There is surely nothing more British than the cocktail of awkwardness, embarrassment and slight irritation that comes with encountering a toilet attendant in a club – people whose lives we don’t understand, offering a seemingly demeaning service we don’t really want.
Adura Onashile’s deceptively ambitious play ‘Expensive Shit’ looks an attendant in the eye and asks her to tell us her story.
Tolu is from Nigeria, and used to live in Kalkuta, the commune of the Afrobeat pioneer Fela Kuti – she hoped to become a dancer for his band. Clearly this did not work out: in what would appear to be the present day, Tolu is working in a British nightclub, where she passively aggressively wheedles money out of women who’d rather she wasn’t there. It’s only in flashbacks to Nigeria that she looks truly happy, in athletic, explosive dance routines that she and three slightly fractious pals practise to Kuti’s hypnotic sprawls of song.
Sabina Cameron is excellent as Tolu, a genuinely problematic character – she is embittered by her present and her past, and though you can often see her heart going out to the various women who stumble into the bogs with trivial, drunken problems, she does not have the heart of gold one initially expects.
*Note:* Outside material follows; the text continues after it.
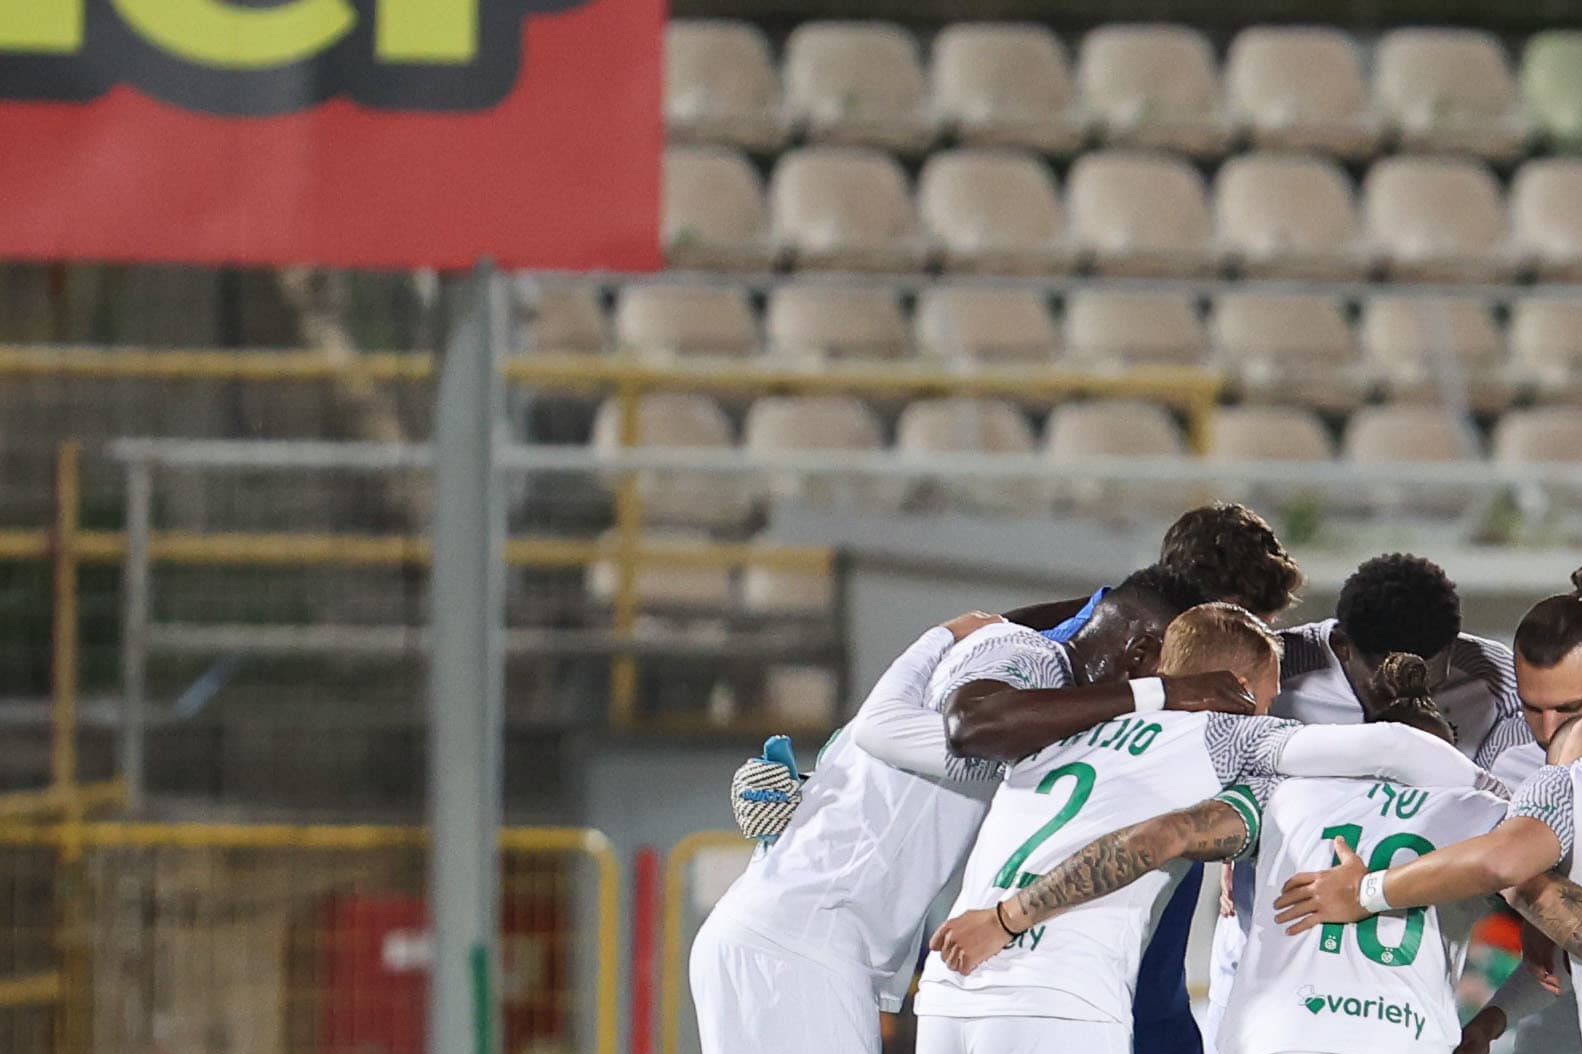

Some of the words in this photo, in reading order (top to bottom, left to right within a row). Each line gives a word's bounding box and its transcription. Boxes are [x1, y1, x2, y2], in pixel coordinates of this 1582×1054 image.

[993, 761, 1097, 889] 2
[1319, 823, 1439, 967] 10
[1327, 994, 1426, 1041] variety
She’s also sardonically amusing, riffing bleakly on her job: ‘I have a degree in shitology’, she grumbles.
‘Expensive Shit’ is strong on empathy, boasts fine performances, and has excellent, pulsating choreography from Lucy Wild. But while I think it’s all in the service of a valid point about the problems of women finding escape in male controlled environments, the play rather fell apart with a late twist that pushes things into the realms of the improbable.